By the way, you will find out that the target attribute of the a element is not valid in XHTML1.0 strict. LAML tells you that when you process the document. We should really use XHTML1.0 transitional if we want a valid document. Try it out yourself!

In summary, we have seen that data, which is organized in lists, can be easily passed as both contents, attributes, and mixed contents/attributes.

To see more advanced, but extremely useful examples of this, please take a look at a set of additional examples, especially those about tables. (These additional examples accompany one of the papers we I have written about LAML). Notice that these particular examples use the HTML4.01 transitional mirror.


2.3     Whitespace handling

Let us now turn to a crucial detail, namely the handling of white space. We illustrate the discussion with yet another document namely mirror2. You can also see the rendering of the document. In this document we have not given any LAML processing attributes at all. It means that we use the default values.
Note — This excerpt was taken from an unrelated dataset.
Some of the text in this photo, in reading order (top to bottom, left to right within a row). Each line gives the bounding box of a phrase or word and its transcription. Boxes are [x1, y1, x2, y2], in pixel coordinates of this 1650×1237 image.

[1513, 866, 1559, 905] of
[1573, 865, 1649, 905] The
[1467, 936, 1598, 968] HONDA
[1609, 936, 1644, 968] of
The relevant mirror rules are:

First notice that the choice of boolean value false (#f) as the space suppress value is rather arbitrary. Any value which can be distinguished (via a type predicate) from symbols and strings at run time would be equally good. (The value of the variable explicit-space-suppress controls which value to use for white space suppressing).
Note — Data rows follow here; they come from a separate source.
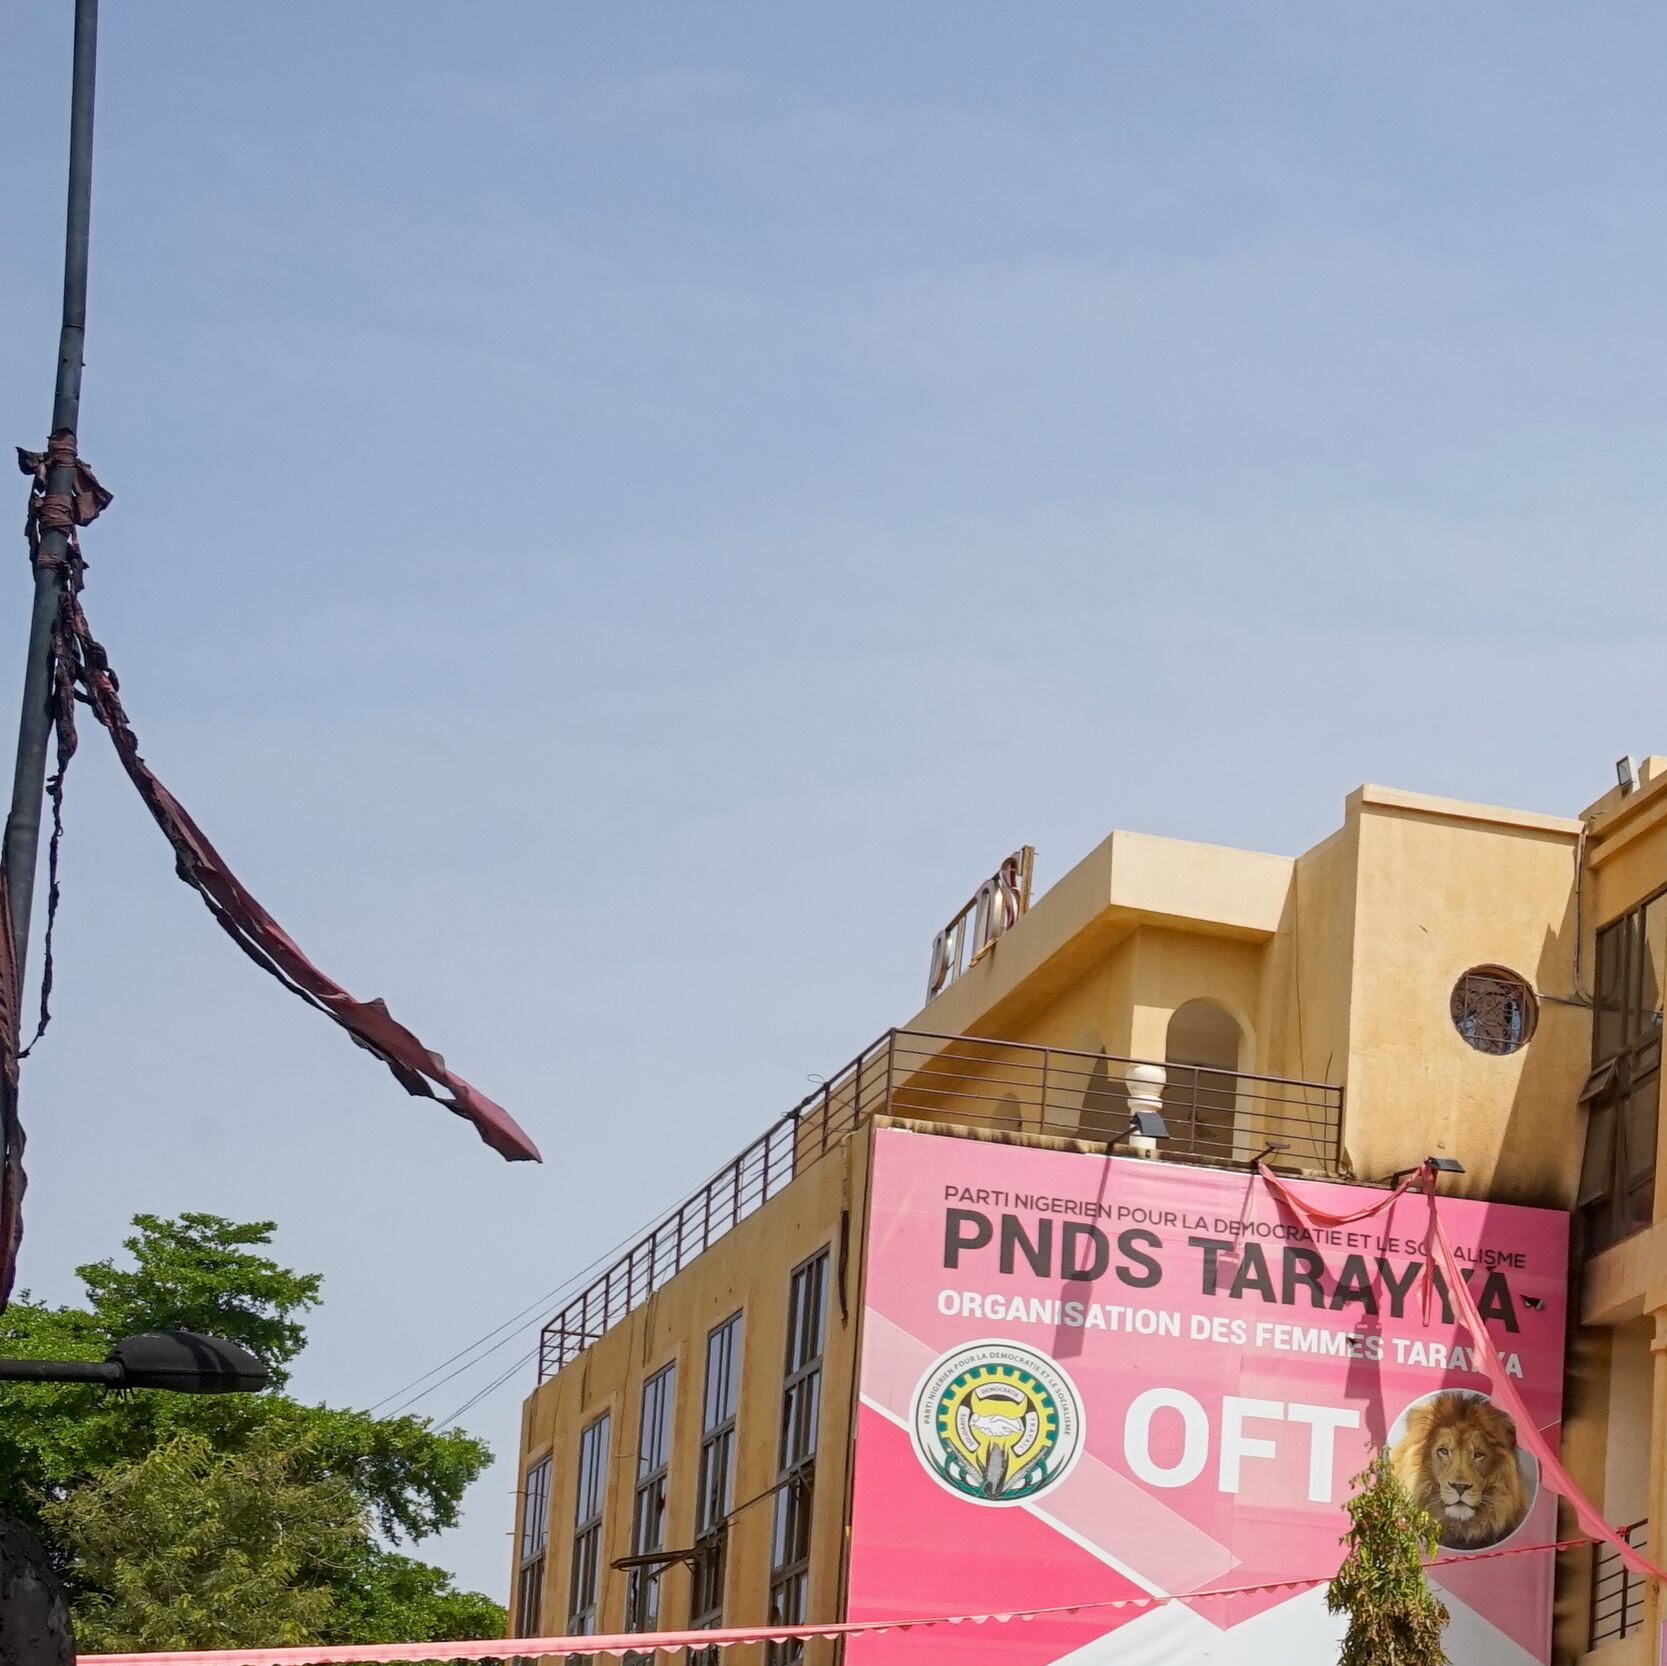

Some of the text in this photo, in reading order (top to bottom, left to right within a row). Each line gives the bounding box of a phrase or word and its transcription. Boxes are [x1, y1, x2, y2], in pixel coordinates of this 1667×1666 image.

[943, 1208, 1520, 1334] PNDS TARAYYA
[944, 1185, 1526, 1269] PARTI NIGERIEN POUR LA DEMOCRATIE ET LE SOALISME
[938, 1289, 1181, 1338] ORGANISATION
[1190, 1315, 1247, 1346] DES
[1256, 1322, 1384, 1362] FEMMES
[1123, 1387, 1361, 1504] OFT
In the first paragraph of html-write-clause three content strings are passed to the mirror of the p element . Notice that the interspacing after "the" and before "paragraph" is due to the first of the rules.
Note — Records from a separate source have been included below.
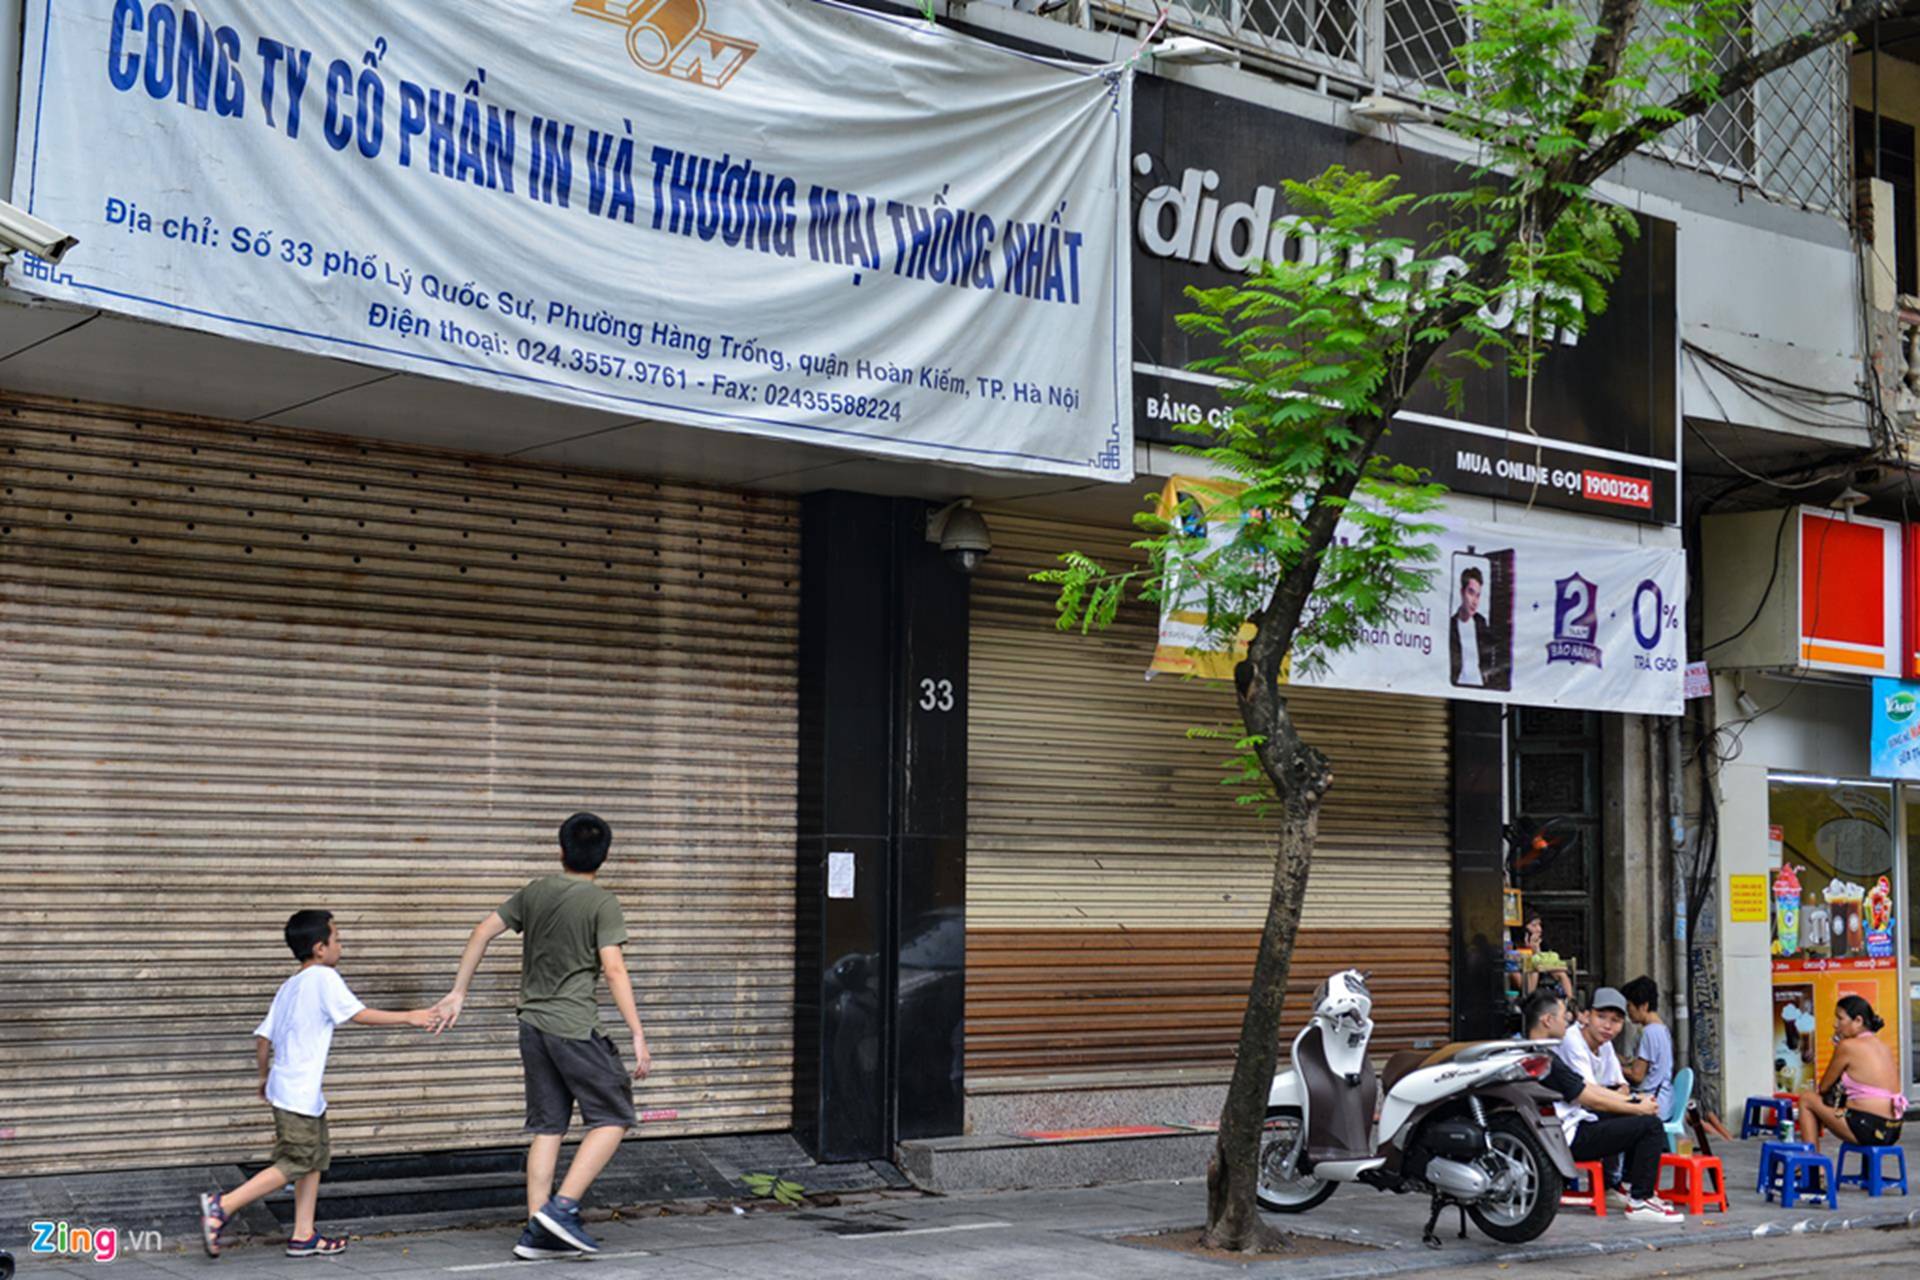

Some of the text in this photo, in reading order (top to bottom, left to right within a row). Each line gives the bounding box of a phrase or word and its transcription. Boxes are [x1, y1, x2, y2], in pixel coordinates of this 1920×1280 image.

[257, 36, 311, 139] TY
[324, 36, 388, 159] CỔ
[399, 67, 516, 194] PHẦN
[529, 115, 575, 208] IN
[587, 118, 635, 224] VÀ
[651, 145, 797, 258] THƯƠNG
[808, 184, 881, 286] MẠI
[886, 183, 996, 290] THỐNG
[1003, 201, 1083, 305] NHẤT
[105, 197, 1080, 413] Địa chỉ: Số 33 phố Lý Quốc Sư, Phường Hàng Trống, quận Hoàn Kiếm, TP. Hà Nội
[368, 302, 431, 339] Điện
[439, 320, 509, 357] thoại:
[516, 338, 688, 390] 024.3557.9761
[711, 374, 757, 402] Fax:
[764, 384, 902, 422] 02435588224
[1146, 393, 1203, 425] BẢNG
[1457, 451, 1650, 503] MUA ONLINE GỌI 19001234
[1562, 579, 1590, 639] 2
[1394, 629, 1433, 655] dung
[1634, 652, 1652, 671] TRẢ
[919, 678, 954, 711] 33
Normally there is no space just in front of punctuations. The second line

(p "This is the second" (b "paragraph") _ ".")

illustrates the second rule, where the space between "paragraph" and "." is suppressed by the variable named underscore.

The third line shows that the space handling also applies in the case where the contents is passed as a list of words:

(p (list (kbd "This") "is" "the" "third" 
   "paragraph" _ "."))

Again, take a look at the rendered HTML page .

The fourth paragraph at shows that we can have attributes, here a class attribute, side by side with the elements of the list.

The fifth paragraph illustrates that the lists can be nested, and - in - that the attributes can be buried in the inner list.

The last, and seventh paragraph (a very strange example, I should admit) shows that white space suppress work well together with content lists.


2.4     Character references

Character references are used to denote special characters, which cannot be typed directly due to the limitation of the keyboards in normal use. Character references are also used to get access to characters such as <, > and & which have special meanings in HTML.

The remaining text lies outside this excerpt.